Free COVID-19 & Health Equity Units for K-5 and High School Educators
Elementary School Units
Both the K-2 unit, “What can we do to keep our community healthy?” and the 3-5 unit, “How can we make decisions to care for ourselves, our families, and our communities?” are available now. These units were developed in partnership with NextGen Science Storylines (at Northwestern University), Learning in Places (at Northwestern University and University of Washington), and current classroom teachers from across the country.
The COVID-19 pandemic is a clear example of how science and society are connected, and these units explore how different communities are impacted by the virus through the lens of historical inequities in society. These multidisciplinary units include integrated social-emotional learning and supports for teachers and families in addressing these emotional topics.
These ready-to-use materials will include 12-14 days of instruction with forty minutes of instruction/day. The materials will guide students and families through the following questions:
- How have our lives changed because of COVID-19?
- Why have those changes happened? (Should they happen?)

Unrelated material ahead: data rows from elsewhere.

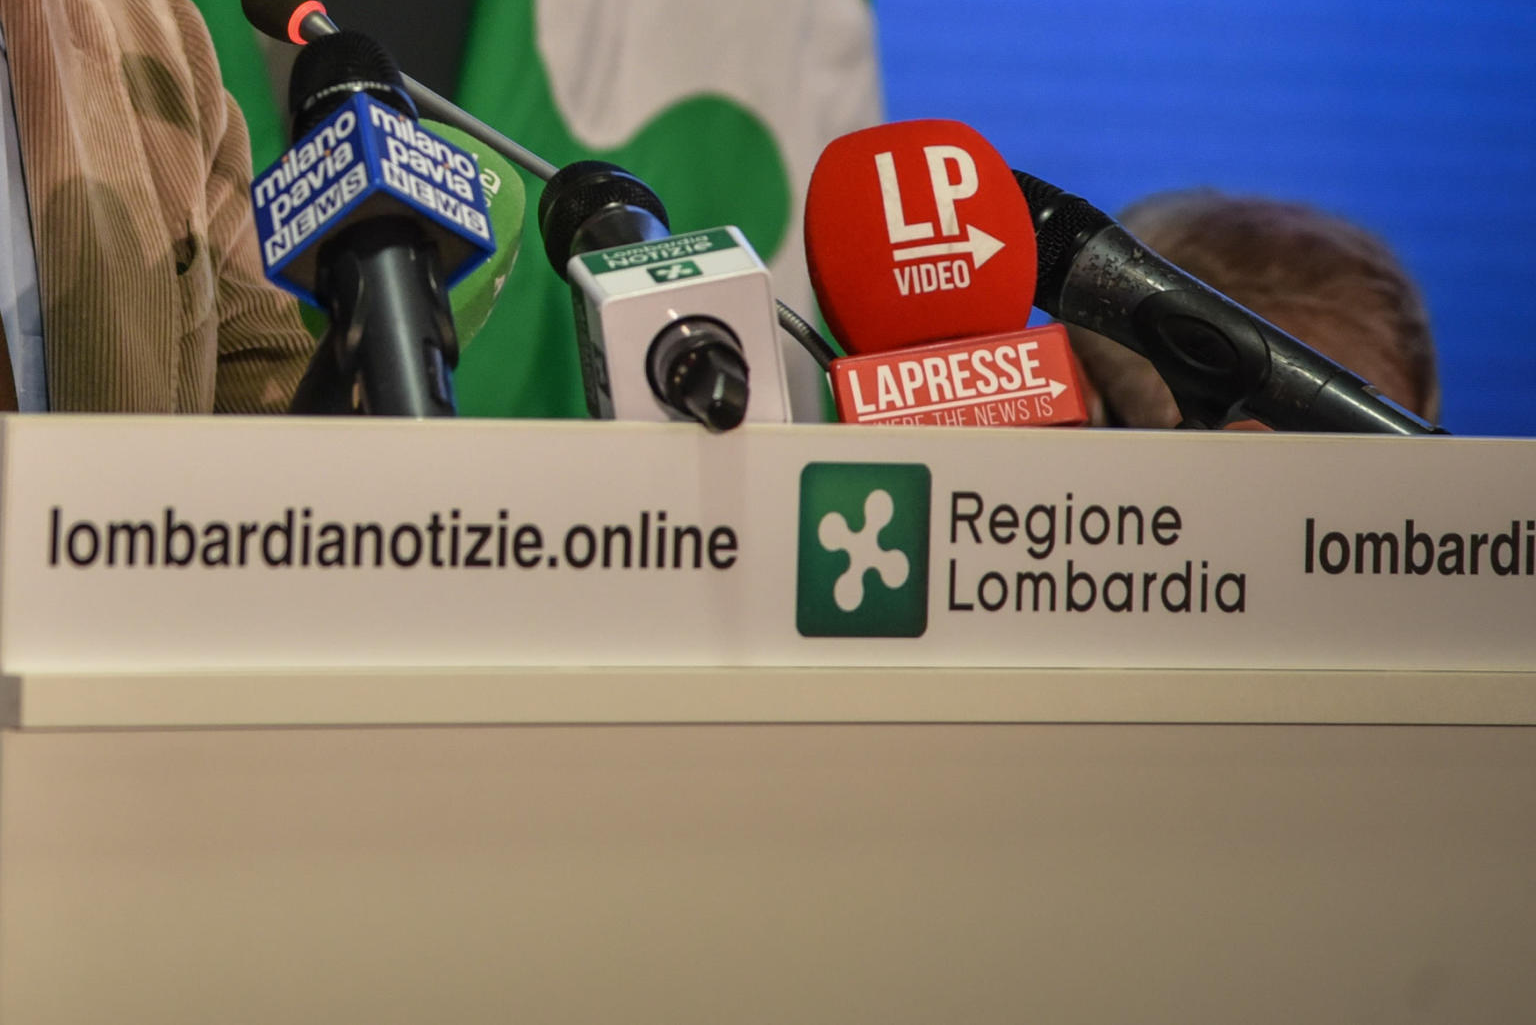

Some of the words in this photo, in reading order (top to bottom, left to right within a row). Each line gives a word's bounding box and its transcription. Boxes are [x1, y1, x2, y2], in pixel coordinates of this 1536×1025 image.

[254, 111, 356, 208] milano
[369, 104, 475, 179] milano
[386, 136, 474, 202] pavia
[266, 163, 367, 265] NEWS
[270, 142, 354, 231] pavia
[382, 160, 490, 239] NEWS
[874, 145, 979, 244] LP
[602, 235, 709, 261] Lombardia
[893, 259, 971, 296] VIDEO
[848, 342, 1047, 414] LAPRESSE
[974, 399, 1030, 425] NEWS
[1034, 395, 1054, 418] IS
[48, 507, 739, 570] lombardianotizie.online
[949, 491, 1182, 559] Regione
[948, 558, 1247, 613] Lombardia
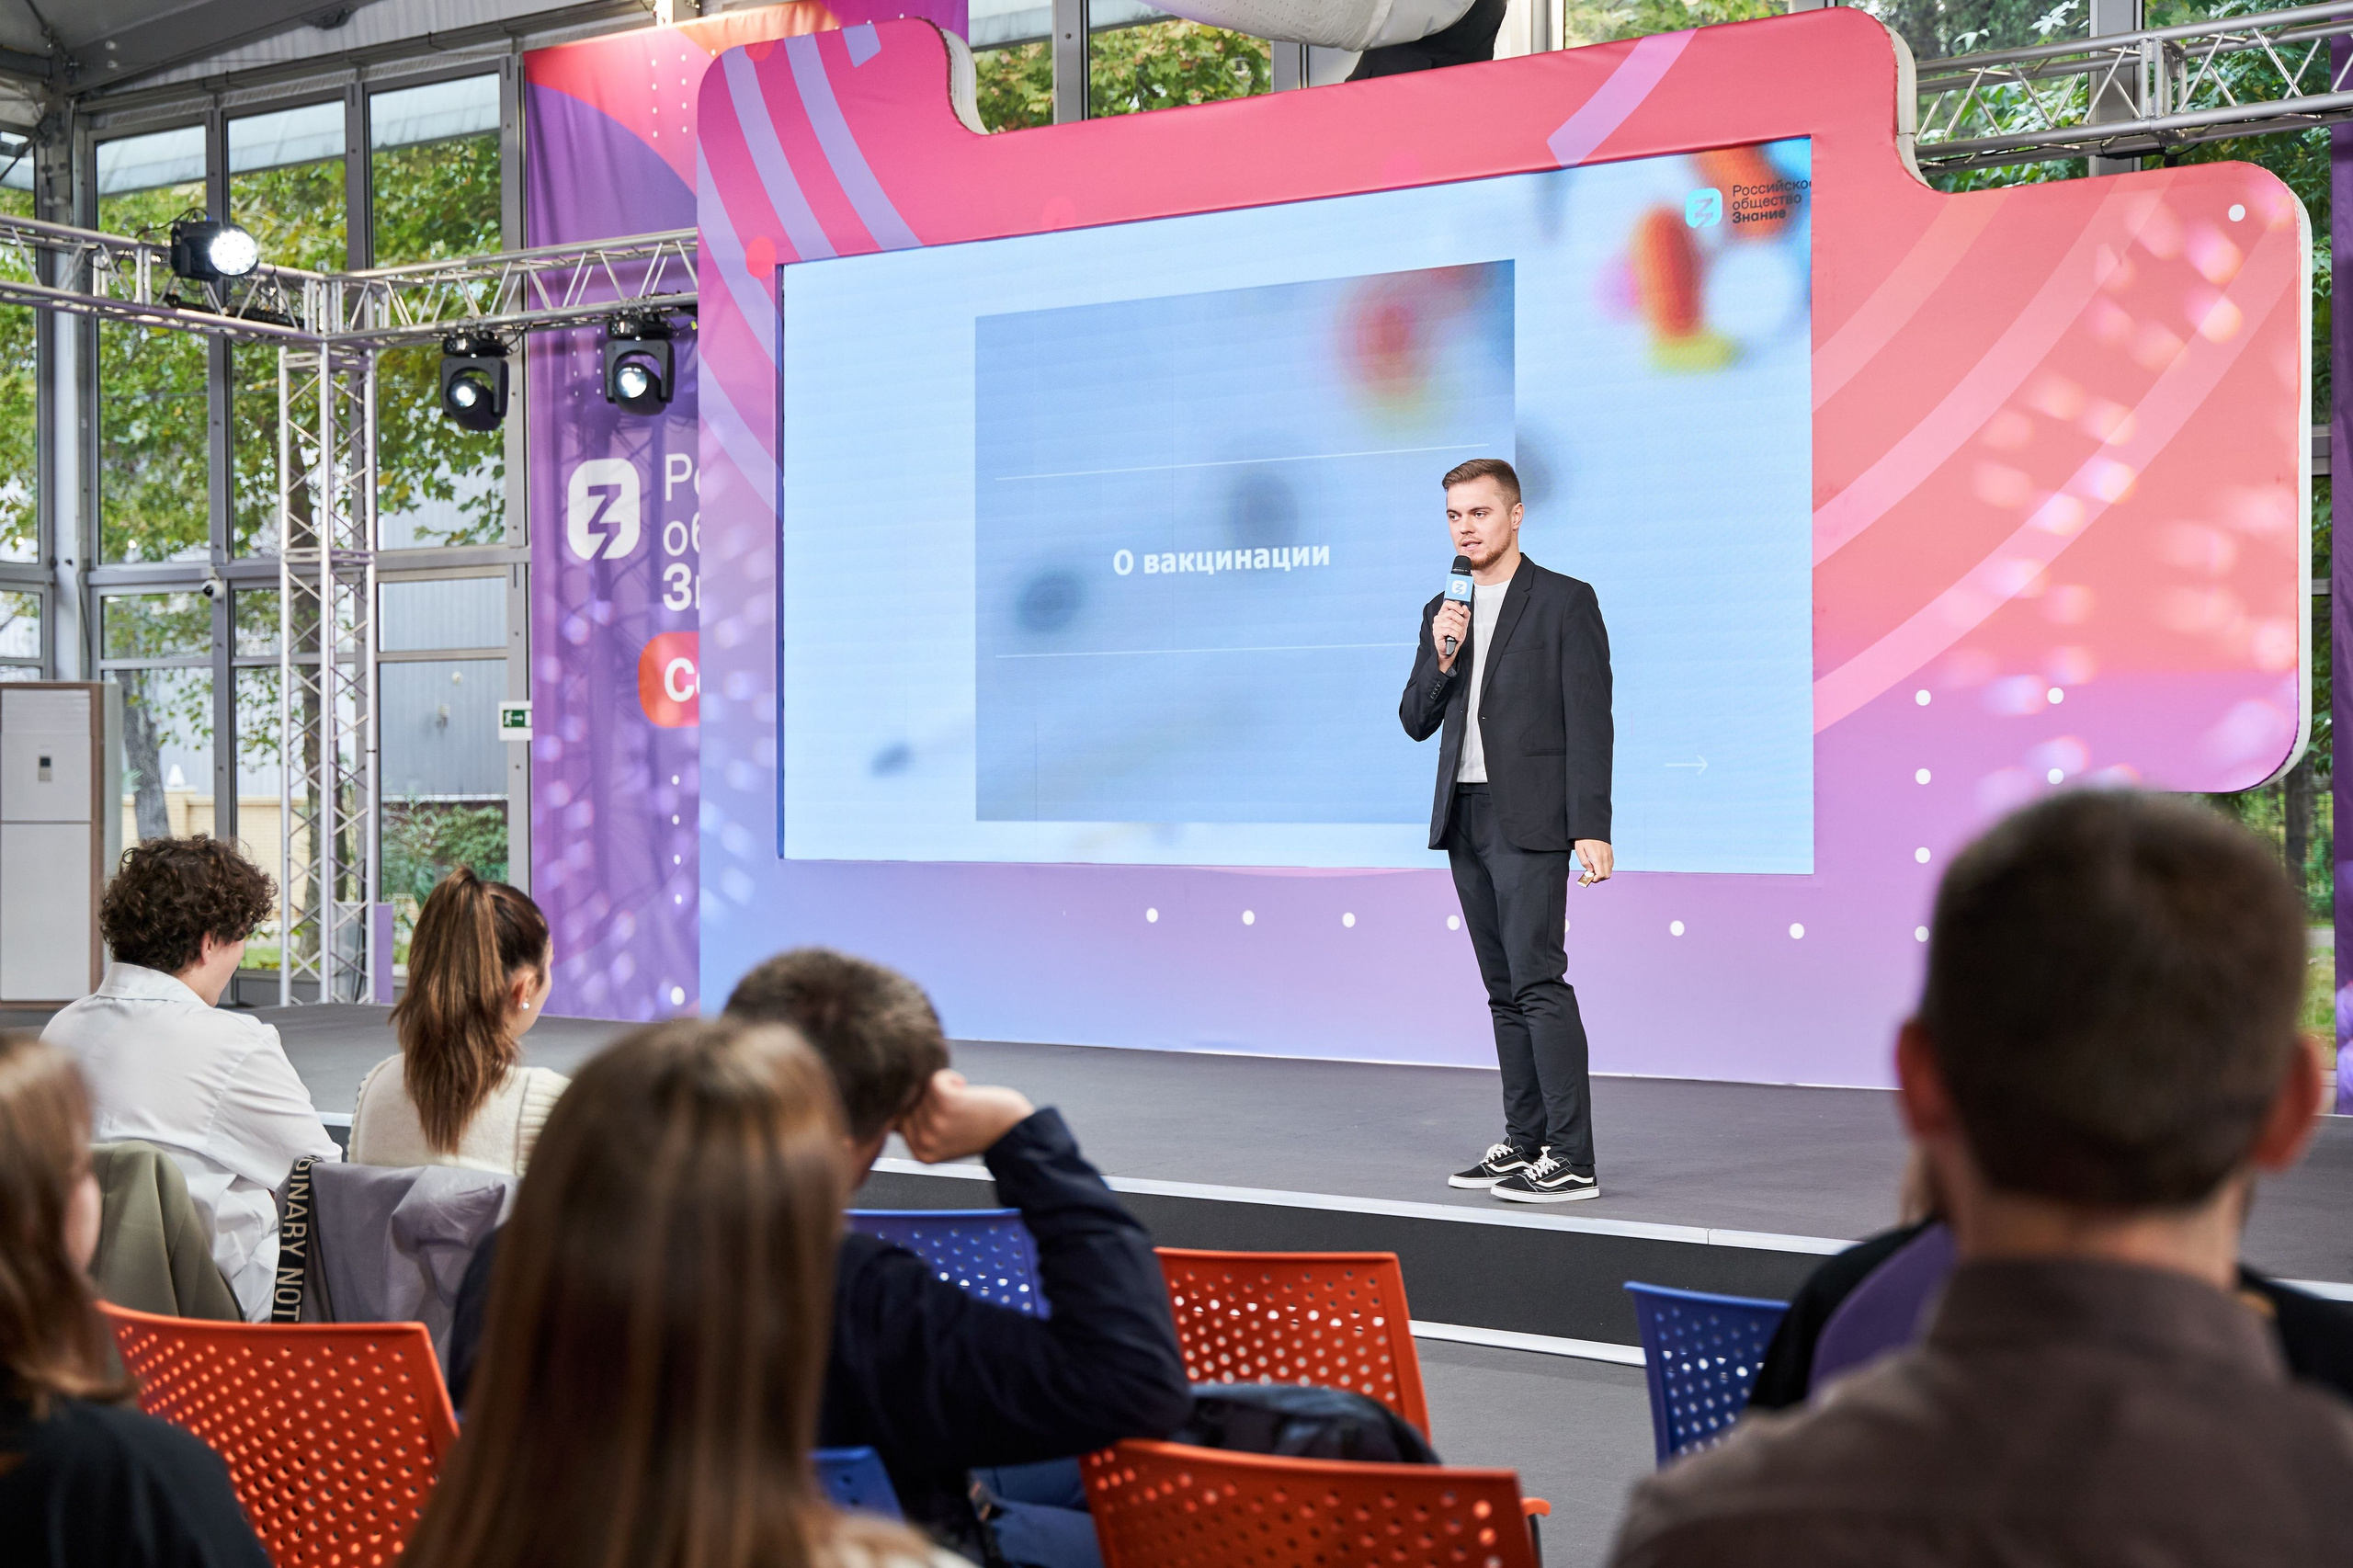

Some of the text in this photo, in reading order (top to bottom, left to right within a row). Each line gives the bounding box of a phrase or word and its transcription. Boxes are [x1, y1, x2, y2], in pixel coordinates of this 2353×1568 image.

[1733, 179, 1812, 197] Российско
[1733, 194, 1802, 210] общество
[1733, 209, 1787, 223] Знание
[665, 452, 699, 502] Р
[1113, 545, 1330, 575] О вакцинации
[662, 562, 699, 612] З
[664, 656, 699, 702] С
[272, 1155, 321, 1323] DINARY NOT

- How can we care for ourselves, our families, and communities?
High School Science Unit
The high school unit, “How can we slow the spread of the COVID-19 virus to protect our communities?” focuses on the science of infectious disease, transmission, and vaccines. Students will learn how COVID-19 impacts communities across the U.S. differently depending on factors that affect the spread of COVID-19. OpenSciEd developed these units in partnership with BSCS Science Learning and current classroom teachers from across the country. These materials can be appropriate for social studies and health courses. Epidemiologists, public health experts, equity and antiracist education experts, community groups, as well as social-emotional learning experts contributed to the material development. In the unit, students will:
- Determine how COVID spreads in and between communities and use mathematical models and computer simulations of disease transmission to investigate how strategies to mitigate spread should work.
- Investigate how or why these strategies worked well in some places and not others and how the factors we identified impact the spread of the virus.
- Explore how racism’s structural inequalities are prevalent today and can explain why some communities are facing much greater impact (spread and mortality) from COVID-19 than others.
- Discuss how pandemics end, what needs to happen for the COVID-19 pandemic to end, and how to prepare for the next one.